* _Directions for this task_: Please reproduce each line of the data below exactly as shown.

--- Extracted records Enclosed Below ---

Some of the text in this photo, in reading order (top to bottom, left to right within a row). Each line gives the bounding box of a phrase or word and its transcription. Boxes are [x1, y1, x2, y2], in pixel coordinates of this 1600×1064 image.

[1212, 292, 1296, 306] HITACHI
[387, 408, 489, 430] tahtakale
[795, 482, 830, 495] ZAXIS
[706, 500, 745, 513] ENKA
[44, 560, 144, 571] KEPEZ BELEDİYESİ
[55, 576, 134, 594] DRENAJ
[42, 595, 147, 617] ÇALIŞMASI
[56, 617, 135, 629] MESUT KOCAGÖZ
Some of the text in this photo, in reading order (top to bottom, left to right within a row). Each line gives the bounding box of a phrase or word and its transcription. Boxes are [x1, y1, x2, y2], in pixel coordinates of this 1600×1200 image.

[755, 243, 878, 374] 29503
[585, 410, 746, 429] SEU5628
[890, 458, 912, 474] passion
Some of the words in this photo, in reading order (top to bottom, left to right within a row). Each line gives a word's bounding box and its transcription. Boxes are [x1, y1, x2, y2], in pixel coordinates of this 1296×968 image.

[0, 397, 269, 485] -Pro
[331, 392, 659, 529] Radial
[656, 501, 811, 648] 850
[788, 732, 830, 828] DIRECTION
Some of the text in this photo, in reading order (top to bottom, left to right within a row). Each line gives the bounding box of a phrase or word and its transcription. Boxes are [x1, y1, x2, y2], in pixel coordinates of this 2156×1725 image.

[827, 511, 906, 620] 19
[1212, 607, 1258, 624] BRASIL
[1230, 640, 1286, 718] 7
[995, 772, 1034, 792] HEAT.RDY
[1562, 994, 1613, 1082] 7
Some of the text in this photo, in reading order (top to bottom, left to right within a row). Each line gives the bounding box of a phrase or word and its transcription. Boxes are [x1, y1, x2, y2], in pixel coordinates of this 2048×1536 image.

--- End of Enclosed Extracted records ---

* _Expected output_:
Some of the text in this photo, in reading order (top to bottom, left to right within a row). Each line gives the bounding box of a phrase or word and its transcription. Boxes are [x1, y1, x2, y2], in pixel coordinates of this 1600×1064 image.

[1212, 292, 1296, 306] HITACHI
[387, 408, 489, 430] tahtakale
[795, 482, 830, 495] ZAXIS
[706, 500, 745, 513] ENKA
[44, 560, 144, 571] KEPEZ BELEDİYESİ
[55, 576, 134, 594] DRENAJ
[42, 595, 147, 617] ÇALIŞMASI
[56, 617, 135, 629] MESUT KOCAGÖZ
Some of the text in this photo, in reading order (top to bottom, left to right within a row). Each line gives the bounding box of a phrase or word and its transcription. Boxes are [x1, y1, x2, y2], in pixel coordinates of this 1600×1200 image.

[755, 243, 878, 374] 29503
[585, 410, 746, 429] SEU5628
[890, 458, 912, 474] passion
Some of the words in this photo, in reading order (top to bottom, left to right within a row). Each line gives a word's bounding box and its transcription. Boxes are [x1, y1, x2, y2], in pixel coordinates of this 1296×968 image.

[0, 397, 269, 485] -Pro
[331, 392, 659, 529] Radial
[656, 501, 811, 648] 850
[788, 732, 830, 828] DIRECTION
Some of the text in this photo, in reading order (top to bottom, left to right within a row). Each line gives the bounding box of a phrase or word and its transcription. Boxes are [x1, y1, x2, y2], in pixel coordinates of this 2156×1725 image.

[827, 511, 906, 620] 19
[1212, 607, 1258, 624] BRASIL
[1230, 640, 1286, 718] 7
[995, 772, 1034, 792] HEAT.RDY
[1562, 994, 1613, 1082] 7
Some of the text in this photo, in reading order (top to bottom, left to right within a row). Each line gives the bounding box of a phrase or word and its transcription. Boxes are [x1, y1, x2, y2], in pixel coordinates of this 2048×1536 image.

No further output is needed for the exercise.